Puis Zénon décide de se fixer. Il rentre à Bruges, sa ville d’origine. Ayant publié des écrits contrevenant à l’ordre établi, Zénon est recherché et doit donc utiliser une personnalité d’emprunt. Il se réinvente une vie et décide de consacrer son temps à soigner les malades et les plus pauvres au sein d’un établissement ecclésiastique. Des événements feront que Zénon sera démasqué.
La troisième partie est alors consacrée à son procès et son séjour en prison.
Tout au long du roman, Marguerite Yourcenar analyse les mentalités de l’époque à travers l’esprit critique de Zénon. Elle le fait rencontrer des personnages tantôt tolérants, tantôt obtus. S’ensuivent alors de savoureux dialogues. Savoureux par le style, par le sens, bien qu’il ne soit pas toujours évident d’en saisir toutes les subtilités. Le texte est truffé de références bien précises et certainement pas anodines, références à la mythologie, à la Bible, à des écrits des penseurs de l’époque. Lorsque comme moi, on a une culture assez pauvre dans ces trois domaines, c’est assez frustrant …mais pas gênant. Pas gênant parce que, sur le coup, on ne s’en aperçoit pas. Mais c’est une fois ma lecture achevée et ayant effectué quelques recherches que je suis tombée sur un document précisant toutes ces références et que je me suis alors rendue compte de tout ce qui m’avait échappé. C’est pourquoi je pense qu’une relecture s’impose. De plus, de nombreux thèmes sont abordés, tolérance, liberté d’expression et de culte, homosexualité, torture, l’innovation scientifique et ses conséquences, le pouvoir, l’inégale répartition des richesses... Et on se rend compte que les questionnements de l’époque ne sont pas si éloignés des nôtres. Ce qui en fait un texte étonnamment contemporain par certaines des problématiques soulevées.

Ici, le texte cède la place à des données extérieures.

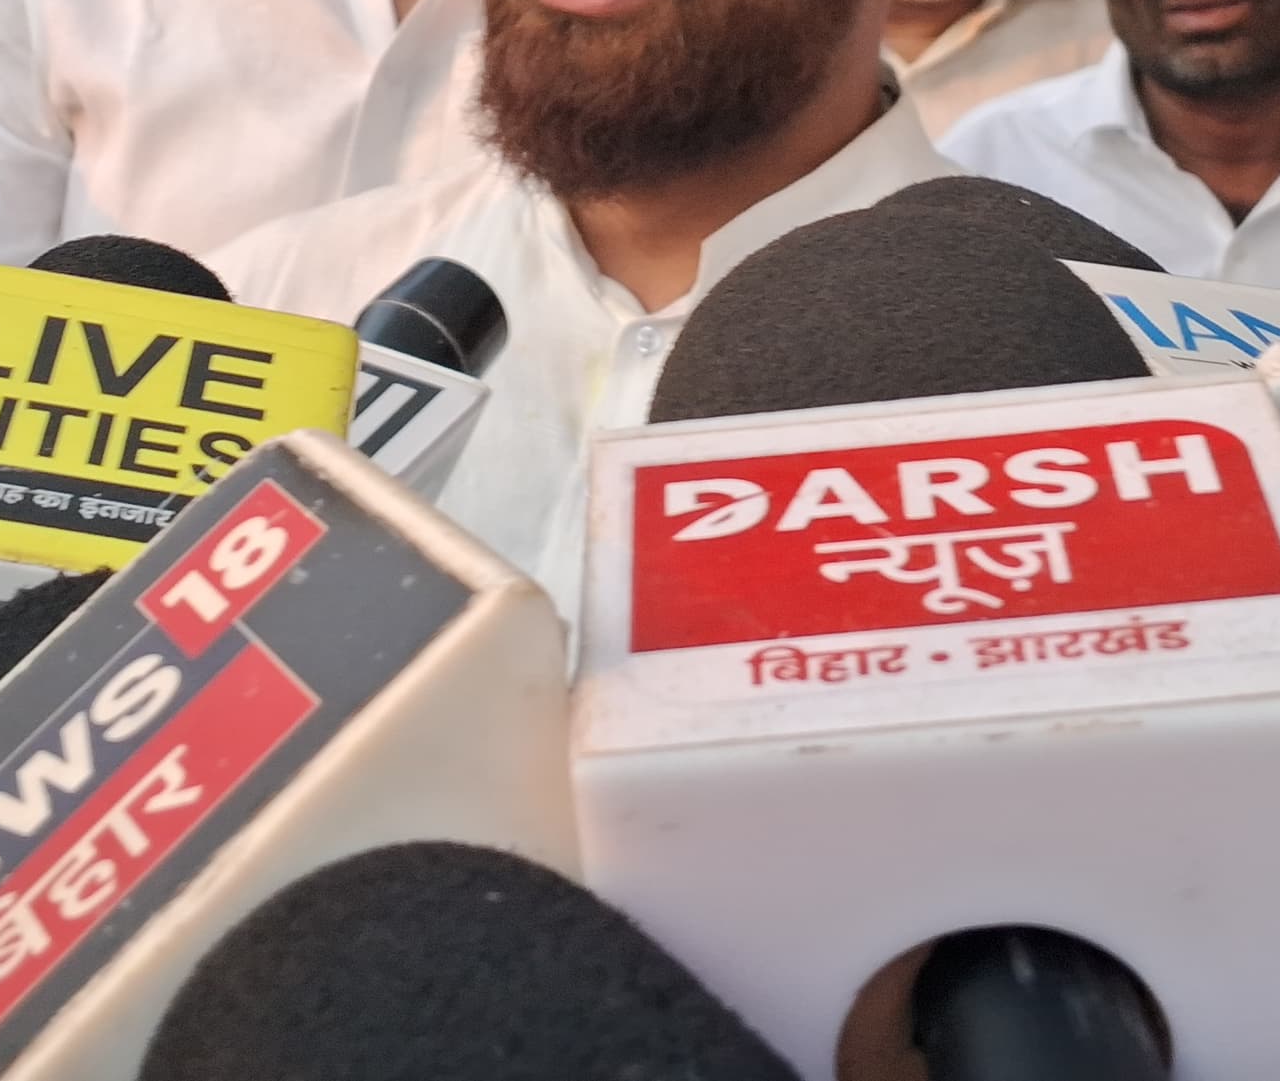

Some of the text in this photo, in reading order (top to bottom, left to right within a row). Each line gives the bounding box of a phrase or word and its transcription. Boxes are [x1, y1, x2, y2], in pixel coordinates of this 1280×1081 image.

[30, 488, 73, 510] का
[663, 433, 1223, 542] DARSH
[160, 516, 292, 624] 18
[814, 521, 1077, 613] न्यूज़
[746, 617, 1193, 688] बिहार झारखंड

Un dernier mot concernant le titre :
L’œuvre au noir est la première étape du processus alchimique censé aboutir au Grand Œuvre c’est-à-dire à la pierre philosophale apportant immortalité et permettant de transformer les métaux en or. Ce processus compte 4 étapes : l’œuvre au noir, l’œuvre au blanc, l’œuvre au jaune et enfin l’œuvre au rouge.
L’étape de l’œuvre au noir « désigne dans les traités alchimiques la phase de séparation et de dissolution de la substance qui était, dit-on, la part la plus difficile du Grand Œuvre. On discute encore si cette expression s'appliquait à d'audacieuses expériences sur la matière elle-même ou s'entendait symboliquement des épreuves de l'esprit se libérant des routines et des préjugés. Sans doute a-t-elle signifié tour à tour ou à la fois l'un et l'autre. » (tiré des notes de l’auteur)

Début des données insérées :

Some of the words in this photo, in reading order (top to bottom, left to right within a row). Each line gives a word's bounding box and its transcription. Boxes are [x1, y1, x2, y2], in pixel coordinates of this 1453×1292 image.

Tout le roman illustre parfaitement, à travers Zénon, l’acception symbolique de la définition de l’œuvre au noir donnée par Marguerite Yourcenar.
L’œuvre au Noir est donc une lecture très exigeante et qui nécessite un solide bagage culturel. C’est une œuvre très riche, magnifiquement écrite, qui décrit parfaitement toute une époque et ses mentalités et qui m’aura donné du fil à retordre pour écrire cette chronique. Néanmoins, ça en valait la peine tellement cette œuvre m’a éblouie par ses qualités littéraires et son érudition.